Madagascar: Humanitarian Snapshot (August to November 2018)

Originally published



There are currently some 1.26 million people estimated to be severely food insecure in the Grand Sud and Grand Sud-Est regions of Madagascar. This number is projected to decrease to about 1.2 million between November 2018 and March 2019, according to the results of the Integrated Phase Classification food insecurity analysis conducted in October 2018. The slight improvement in food security is attributed to a multisectorial humanitarian response.
However, the situation continues to be critical in the Grand Sud with about 256,750 people likely to face Emergency food insecurity (IPC phase 4), and nearly 631,900 people expected to be in Crisis (IPC phase 3) as the area has not been able to recover from the drought effect of the El Nino in 2016 and has received below average rainfall during the 2017-2018 agricultural season unlike the rest of the country. As a result, according to the Inter-cluster multi-sector assessment conducted in October in Beloha district, many households are selling livestock in higher numbers and at lower prices than usual affecting their ability to pay for and access basic services including school fees and potable water.

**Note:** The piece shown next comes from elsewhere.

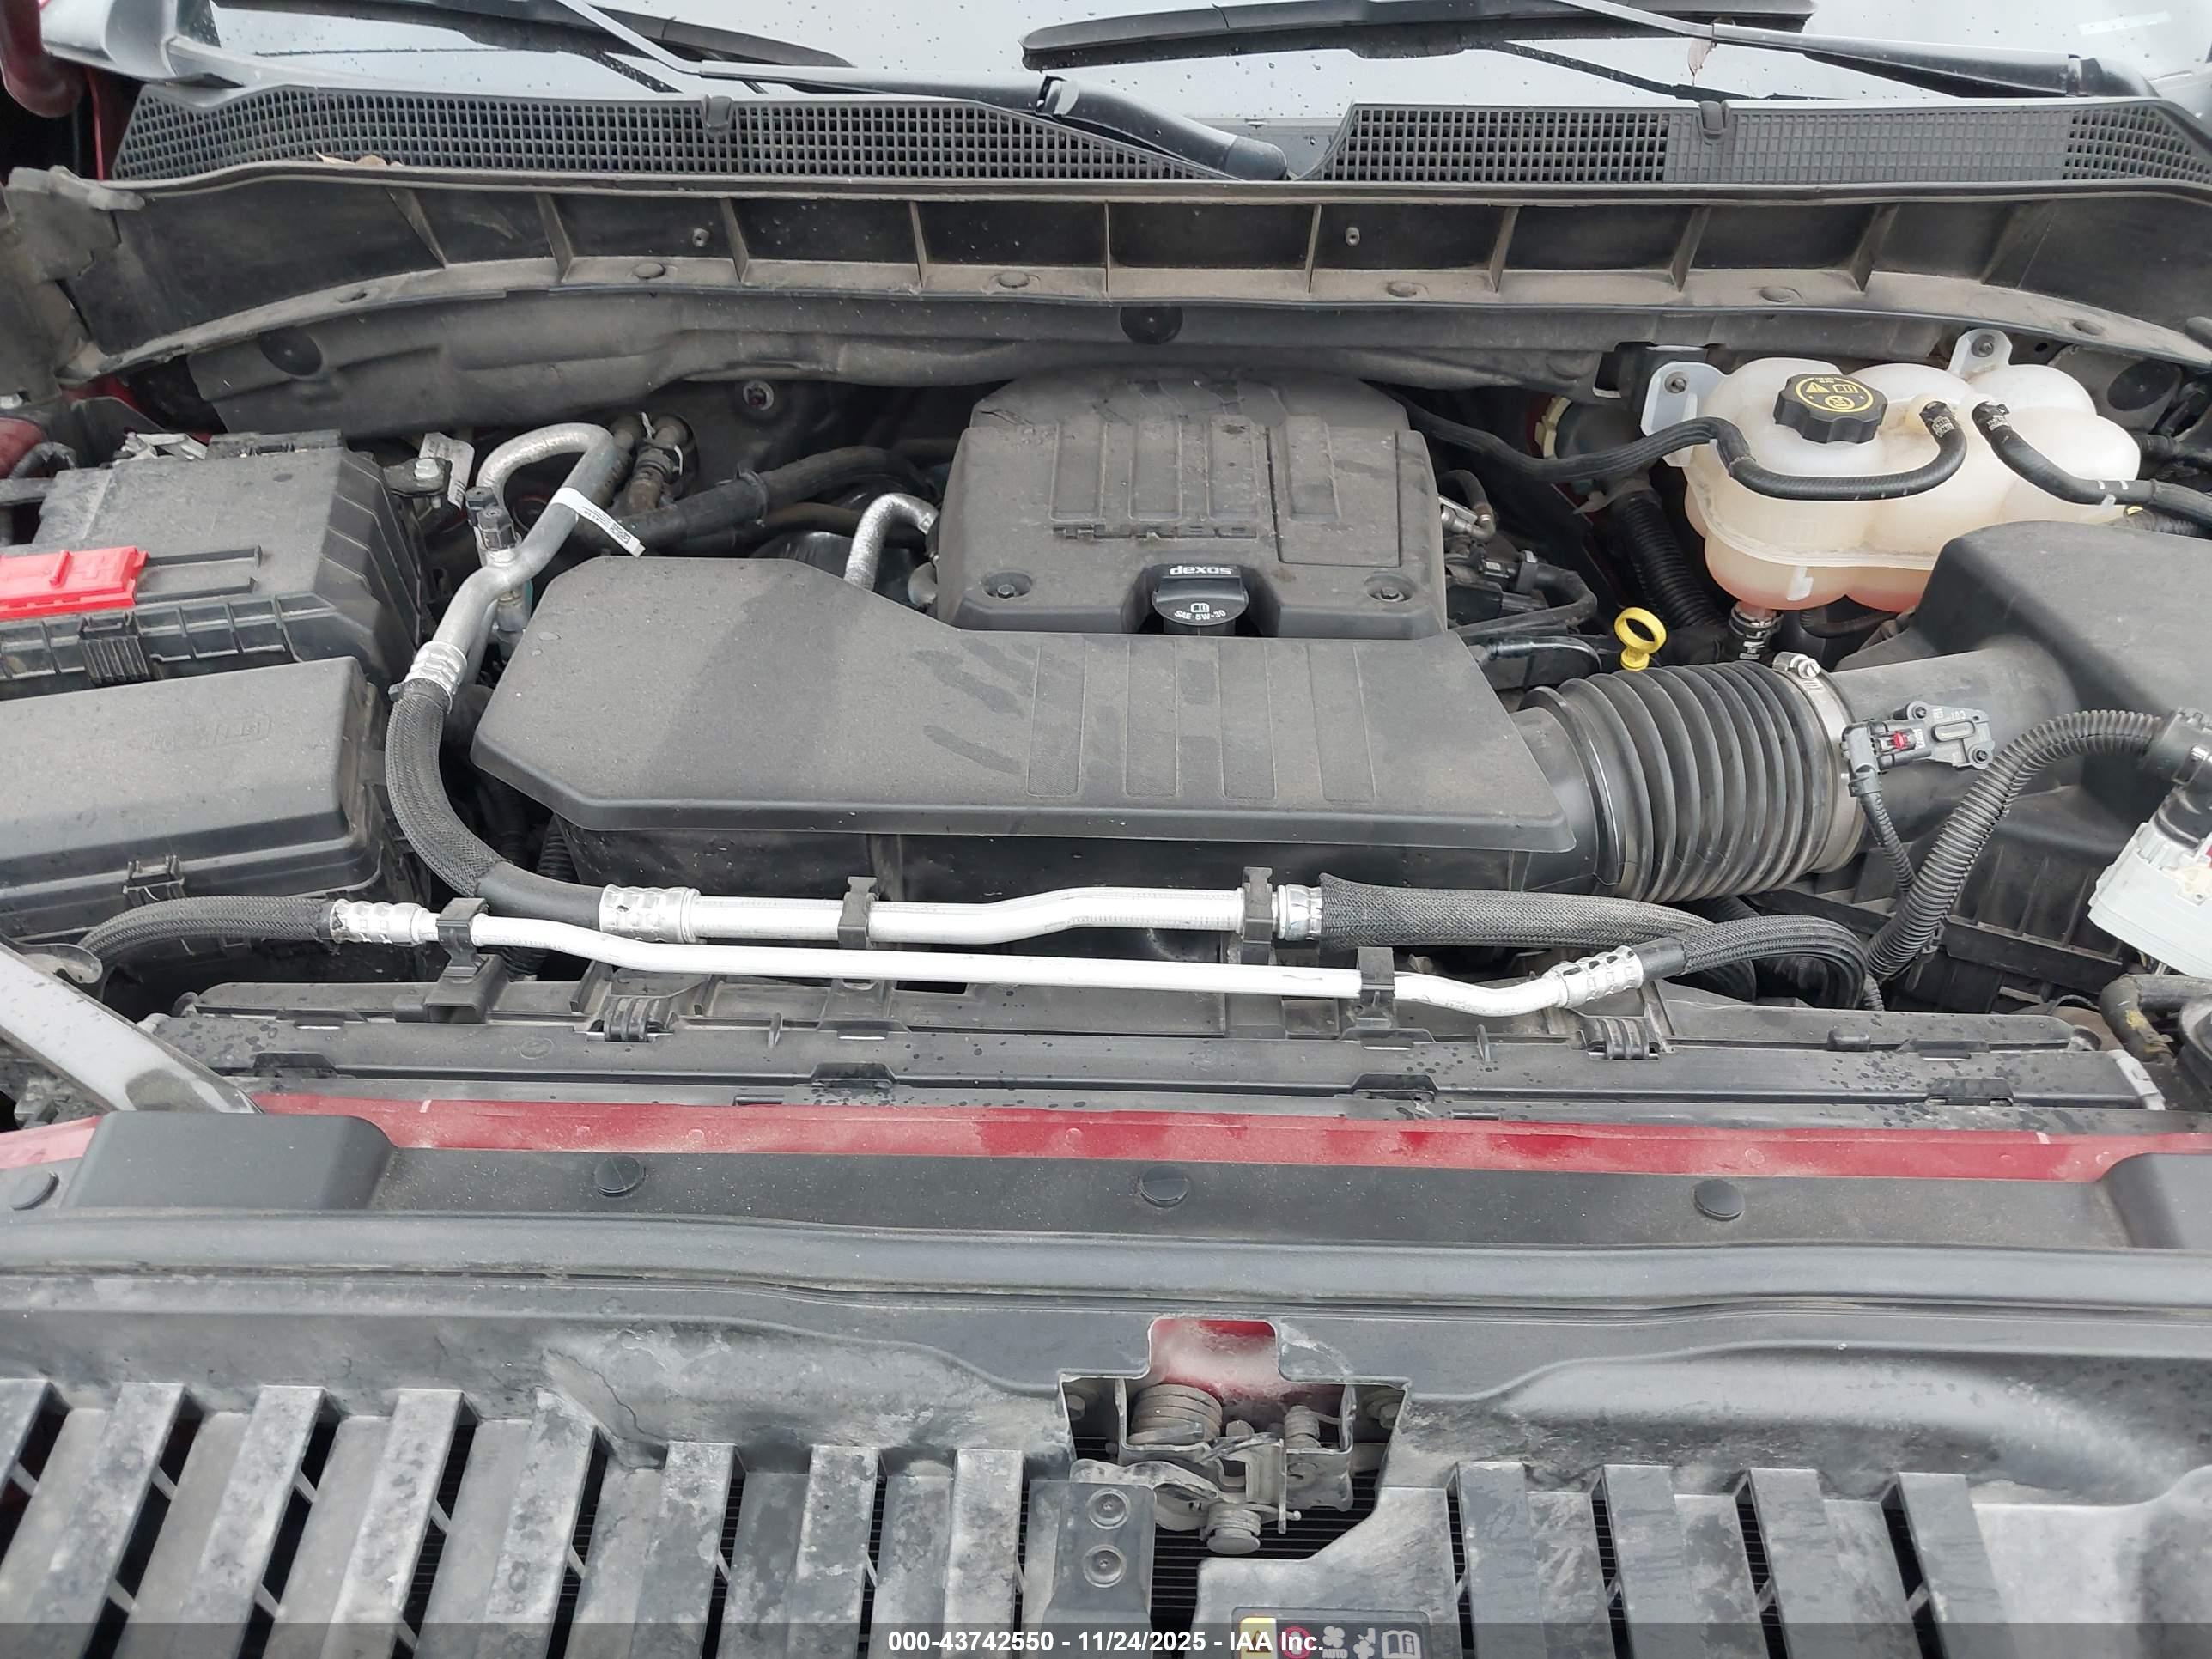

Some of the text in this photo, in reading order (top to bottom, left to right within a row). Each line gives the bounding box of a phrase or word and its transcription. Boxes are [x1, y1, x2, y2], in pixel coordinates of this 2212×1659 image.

[1169, 565, 1232, 575] dexos
[1174, 609, 1226, 620] SAE 5W-30
[1322, 1649, 1349, 1659] AUTO

According to a newly piloted Nutrition Surveillance System, 20,234 children are acutely malnourished in the drought-prone districts. 1,419 of these children suffer from severe acute malnutrition. The nutrition cluster has strengthened the management of GAM services in the pockets of malnutrition, increasing the number of mobile teams to reach children in remote villages and providing continuous nutrition supplies in health facilities and community nutrition sites.

Early action is urgently required to avert a greater loss of life due to the plague outbreak ahead of an expected seasonal peak between November 2018 to March 2019. The timing also coincides with a Presidential elections period of October-December which will significantly increases the risk of transmission due to daily meetings of large crowds in all major cities in the country. A number of pneumonic cases have already been recorded in several districts close to the Capital and Pneumonic plague is highly transmissible (person-to-person) and can quickly cause death in the absence of treatment.
Since 19 August the cumulative number of confirmed and suspected cases in the country is higher than the average and the maximum of 2012-2016. From August to 05 November 2018, a total of 106 cases of plague have been reported, in 23 out of 114 districts in the country; out of which, 36 are confirmed in 12 districts and 8 regions. To date, 9 deaths (case fatality rate 9.4%) have been registered, among which 6 cases were pneumonic and 4 of bubonic form. It is important to note that all of these deaths occurred in the community, highlighting weaknesses in the early warning system and low community awareness, both of which increase the risk of the outbreak spreading.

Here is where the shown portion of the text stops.